I would think that in order to teach at seminary level one would need some credentials.
But let me speak to a greater issue that has been alluded to in at least a couple of recent threads: the need to train ministers of the gospel for pastoral ministry.
While many churches have uncredentialled preachers, I think it would serve them to receive formal education/training to cut back on much of the heresy or near-heresy that is prevalent in many American churches. While these men have a zeal for God, many do not have a firm foundation in sound doctrine that keeps them from straying from orthodoxy. I pray that someday soon in my area of the country there would be available a minister's academy/training program that would be affordable for these bi-vocational ministers as well as accommodating for work schedules. I am kicking around the idea with our elders now, however, it would require great effort, resources, and cooperation among churches.
Brothers and sisters, if you could only hear what passes for gospel preaching in North Central WV you would be shocked and grieved in your spirit! For example, I recently had a conversation with an area minister who told me he doesn't like to cling to the plain meaning of Scripture because the meaning changes according to how he feels and what is happening in his life at the time, thus influencing his messages.

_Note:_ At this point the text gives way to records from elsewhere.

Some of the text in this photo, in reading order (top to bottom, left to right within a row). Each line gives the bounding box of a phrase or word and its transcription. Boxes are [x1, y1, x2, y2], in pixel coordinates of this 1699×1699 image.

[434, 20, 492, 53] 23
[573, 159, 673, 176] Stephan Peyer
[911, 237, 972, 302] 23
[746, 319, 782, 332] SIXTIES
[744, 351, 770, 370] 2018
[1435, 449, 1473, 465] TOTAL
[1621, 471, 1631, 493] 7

I informed him that the plain meaning of Scripture *is* the message! Probably won't be getting a Christmas card from him this year.
Pray for us, for we are so small and weak.

Reactions: Like 1


----------



## Pergamum (Jul 19, 2019)

It is always a mistake to over-emphasize or under-emphasize the place of seminary in the preparation of a man of God.

Reactions: Like 2


----------



## Alan D. Strange (Jul 19, 2019)

Pergamum said:


> It is always a mistake to over-emphasize or under-emphasize the place of seminary in the preparation of a man of God.

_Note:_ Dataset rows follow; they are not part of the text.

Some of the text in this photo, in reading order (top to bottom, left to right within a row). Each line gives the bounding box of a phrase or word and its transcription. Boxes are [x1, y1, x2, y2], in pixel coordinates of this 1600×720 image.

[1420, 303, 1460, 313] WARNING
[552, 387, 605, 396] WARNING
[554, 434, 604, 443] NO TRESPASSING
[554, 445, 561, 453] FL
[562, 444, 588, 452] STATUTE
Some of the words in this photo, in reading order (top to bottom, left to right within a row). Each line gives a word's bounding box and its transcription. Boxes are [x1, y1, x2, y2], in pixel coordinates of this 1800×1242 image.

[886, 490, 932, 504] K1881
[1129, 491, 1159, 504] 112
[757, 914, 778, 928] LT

I agree entirely! We (in the seminary) don't give a man a single gift (only God does). Nor do we qualify and call a man (God does internally and the church does externally, working in submission to her Lord). 

Well put, Trevor!

Peace,
Alan

Reactions: Like 1 | Amen 1


----------



## Pergamum (Jul 19, 2019)

Alan D. Strange said:


> I agree entirely! We (in the seminary) don't give a man a single gift (only God does). Nor do we qualify and call a man (God does internally and the church does externally, working in submission to her Lord).
> 
> Well put, Trevor!
> 
> ...


Thanks. I was afraid I under-emphasized the place of training in my previous post.


----------



## bookslover (Jul 19, 2019)

What I really want to know, Mikey (Mike) - is that really you in your avatar photo?

Reactions: Funny 2


----------



## Mikey (Jul 19, 2019)

Alan D. Strange said:


> But your arguments are new for me, Mikey. You want to "teach theology at a high level," presumably in seminary, while at the same time arguing against the need for such sort of education. So you want to teach subject matter in a place that you think people shouldn't need to go to study the subject matter you want to teach?
> 
> Am I missing something here or is your question/argument as bizarre as it sounds?

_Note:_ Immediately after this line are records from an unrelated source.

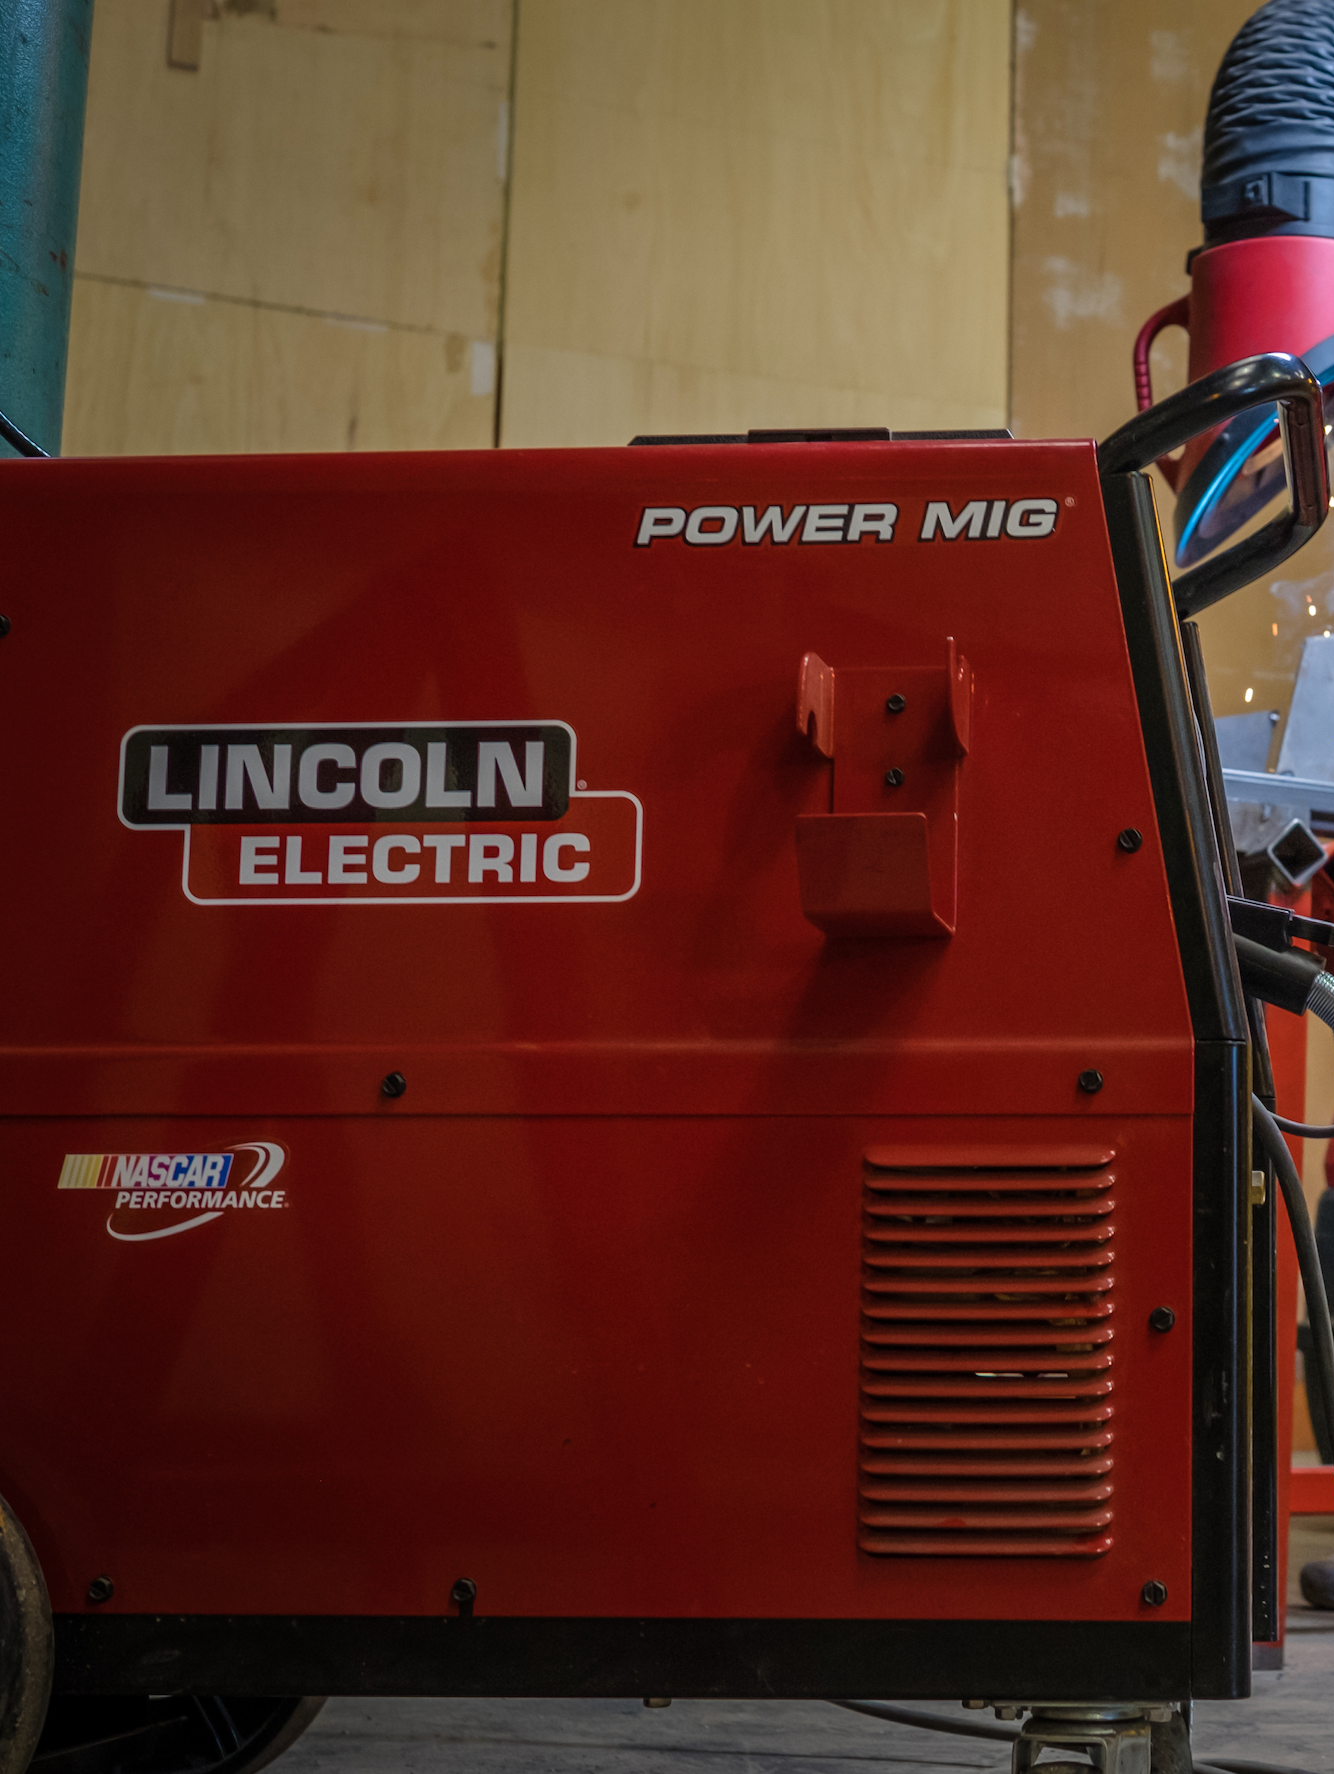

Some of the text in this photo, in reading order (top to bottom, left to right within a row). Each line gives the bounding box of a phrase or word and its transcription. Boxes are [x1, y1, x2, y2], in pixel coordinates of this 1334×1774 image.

[634, 497, 1060, 547] POWER MIG
[147, 740, 545, 811] LINCOLN
[238, 832, 591, 886] ELECTRIC
[112, 1154, 225, 1188] NASCAR
[115, 1190, 286, 1209] PERFORMANCE

You are right, it is bizarre. I thought about what you're saying before I started the discussion. I feel like I have two seemingly desires within me: 1) For me to teach the next generation of Christian thinkers at (the financial burdensome) seminary and 2) For such theological education to not be so burdensome upon those who have been called by God to be educated. I feel like we need men to go through the system one last time, and then change the system for the next generation, where theological education does not have to be such a big financial question. I certainly see your point though, Dr Strange.


----------



## Mikey (Jul 19, 2019)

bookslover said:


> What I really want to know, Mikey (Mike) - is that really you in your avatar photo?



Haha, no its not, the picture is a bit outdated... I've recently grown a beard.


----------



## Polanus1561 (Jul 19, 2019)

I am thankful my seminary has men with both credentials and pastoral experience.


----------



## Stephen L Smith (Jul 19, 2019)

Mikey said:


> Haha, no its not, the picture is a bit outdated... I've recently grown a beard.


Outdated? Let me help. I think the avatar would look pretty cool with an All Blacks jersey. Agreed?

Reactions: Funny 1


----------



## ArminianOnceWas (Jul 19, 2019)

Mikey said:


> I feel like I have two seemingly desires within me: 1) For me to teach the next generation of Christian thinkers at (the financial burdensome) seminary and 2) For such theological education to not be so burdensome upon those who have been called by God to be educated. I feel like we need men to go through the system one last time, and then change the system for the next generation, where theological education does not have to be such a big financial question.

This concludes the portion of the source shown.